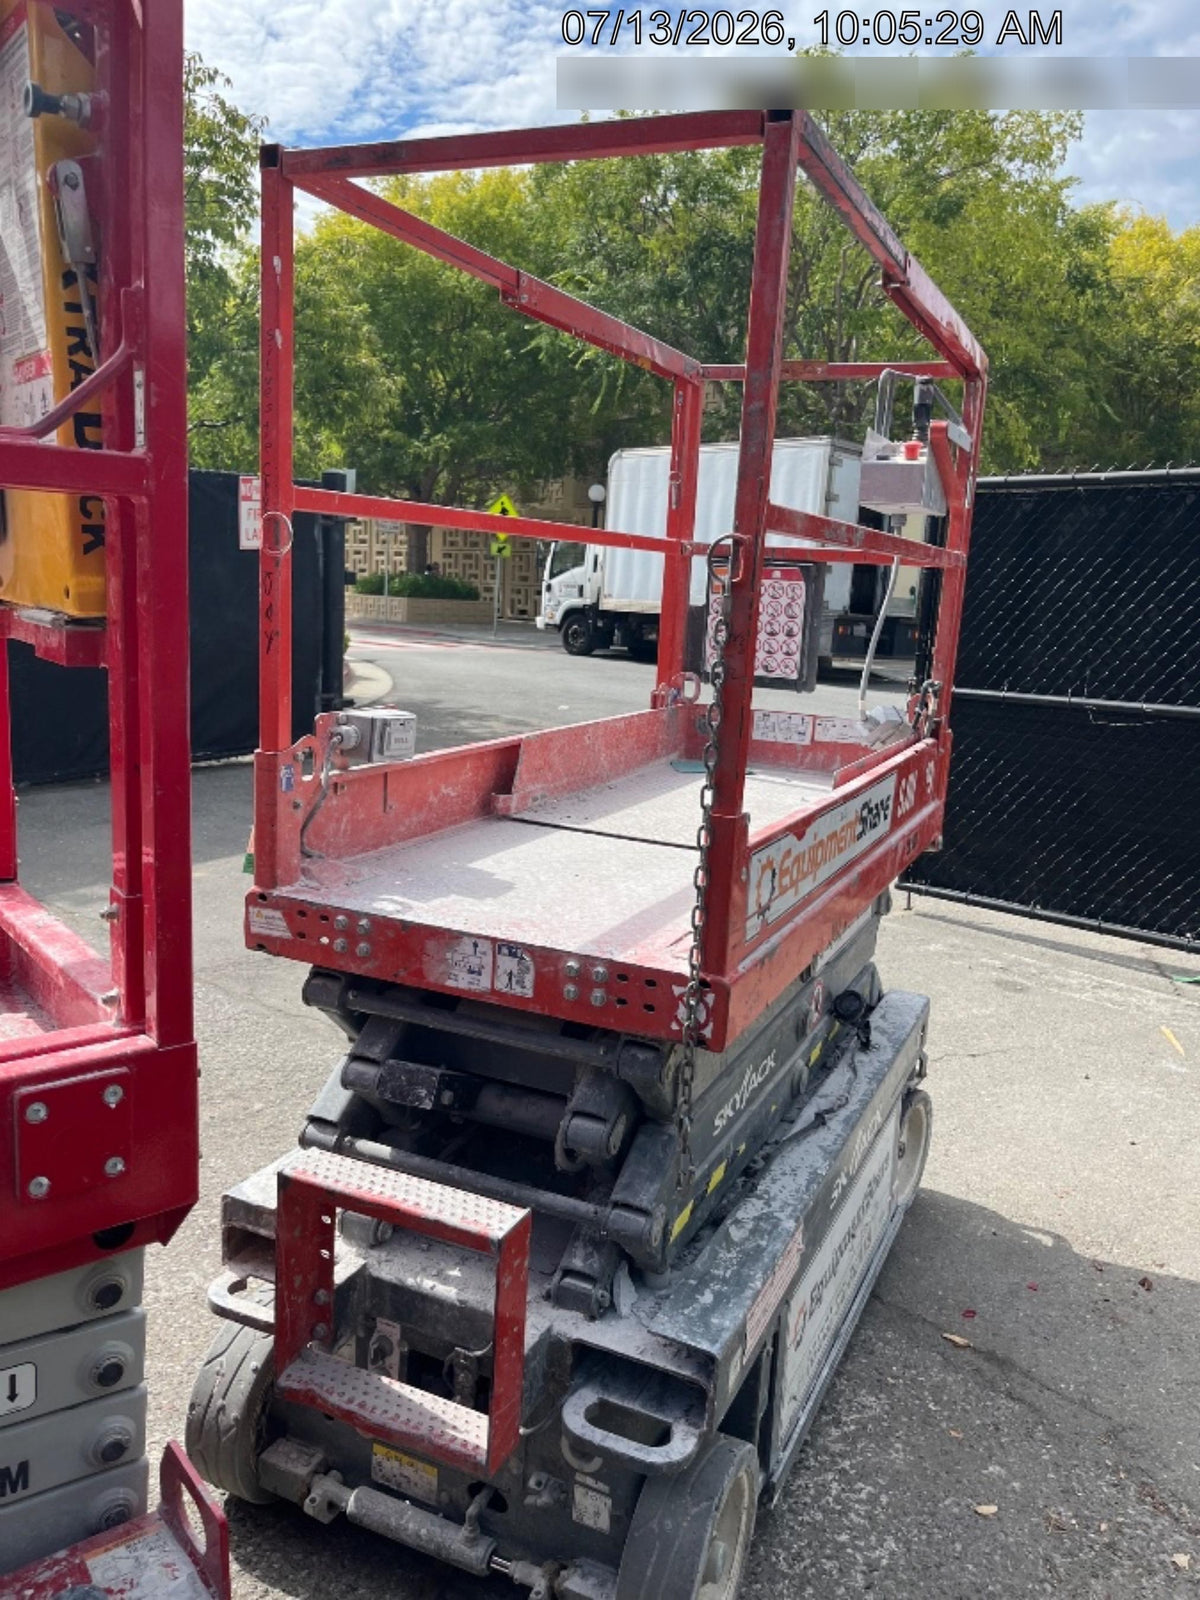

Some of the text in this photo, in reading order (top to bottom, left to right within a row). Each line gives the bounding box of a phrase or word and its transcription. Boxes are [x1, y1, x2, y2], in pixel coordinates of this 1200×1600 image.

[73, 412, 106, 555] DCK
[778, 794, 891, 897] EquipmentShare
[712, 1048, 777, 1137] SKYJACK
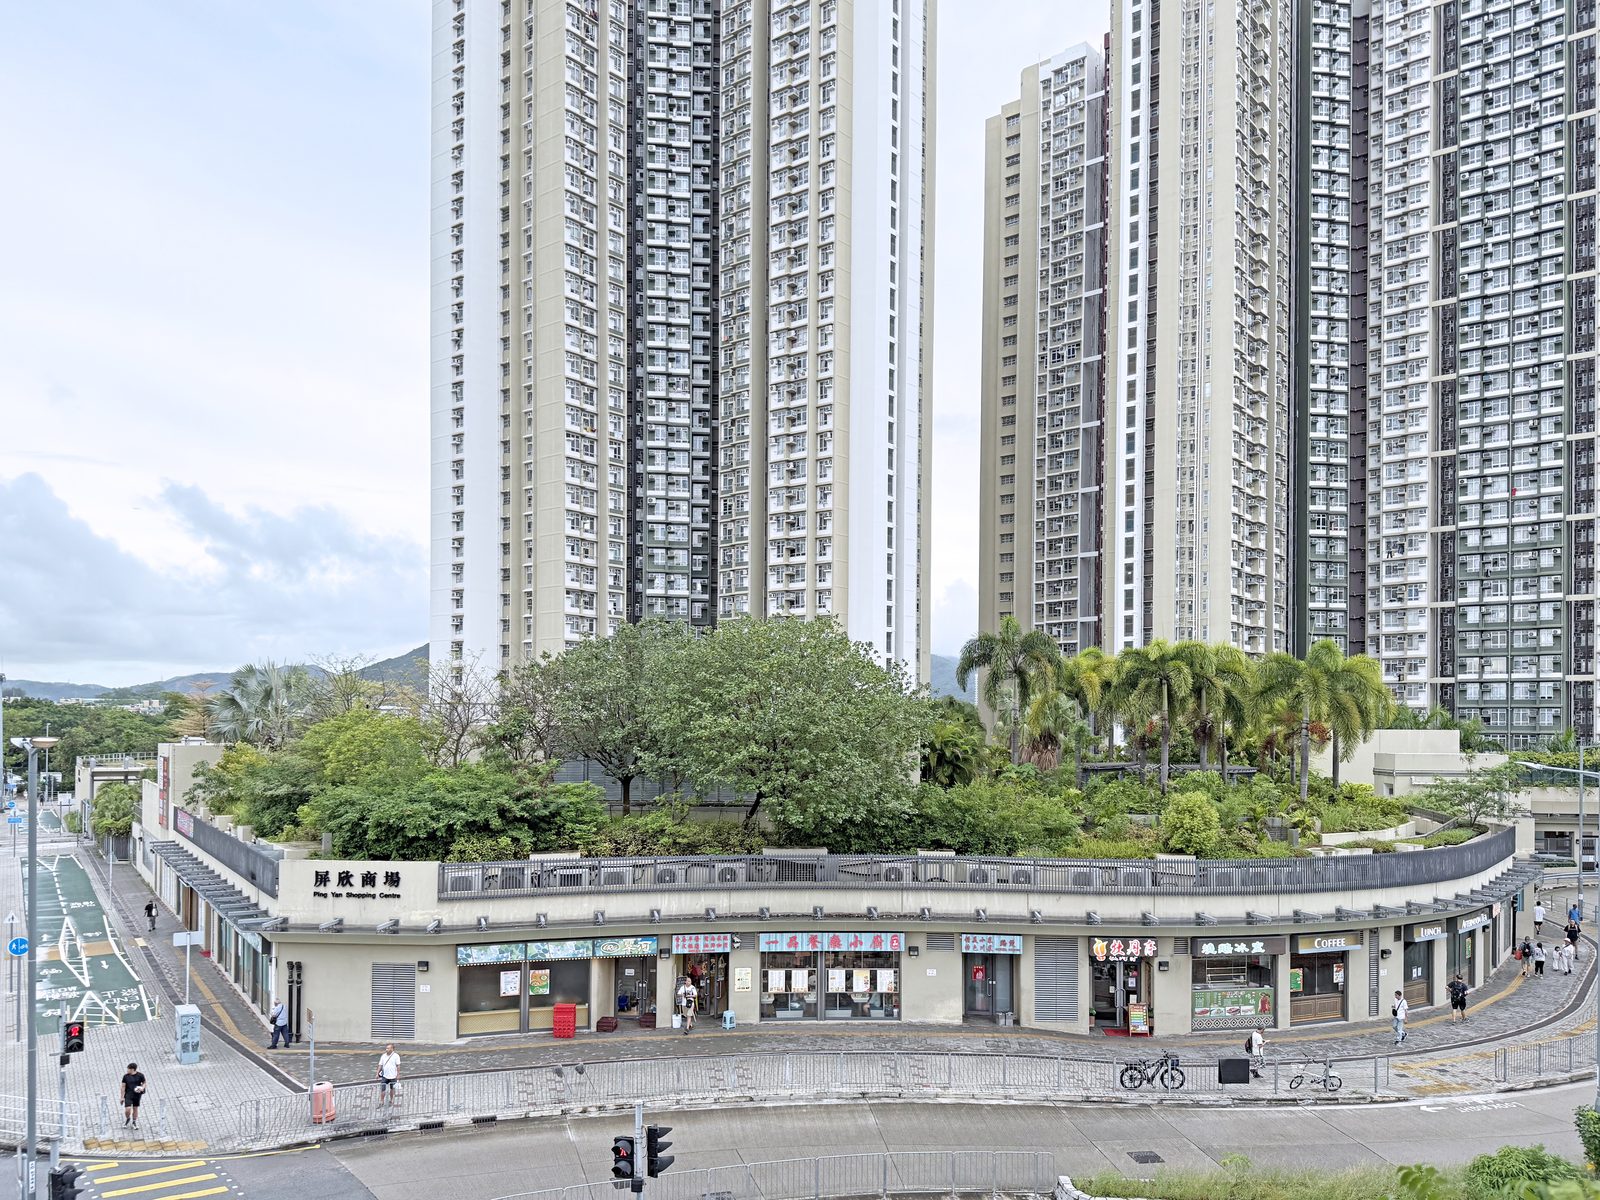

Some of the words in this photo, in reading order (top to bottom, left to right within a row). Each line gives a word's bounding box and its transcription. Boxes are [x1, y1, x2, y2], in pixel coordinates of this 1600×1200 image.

--- Aim of the task ---
Each line of the data must be transcribed exactly; pictures are not carried over.

--- The answer ---
Some of the text in this photo, in reading order (top to bottom, left to right within a row). Each line gives the bounding box of a phrase or word and its transcription. Boxes are [x1, y1, x2, y2], in pixel coordinates of this 1200×1600 image.

[73, 412, 106, 555] DCK
[778, 794, 891, 897] EquipmentShare
[712, 1048, 777, 1137] SKYJACK

Some of the words in this photo, in reading order (top to bottom, left to right within a row). Each line gives a word's bounding box and its transcription. Boxes are [x1, y1, x2, y2], in pixel coordinates of this 1600×1200 image.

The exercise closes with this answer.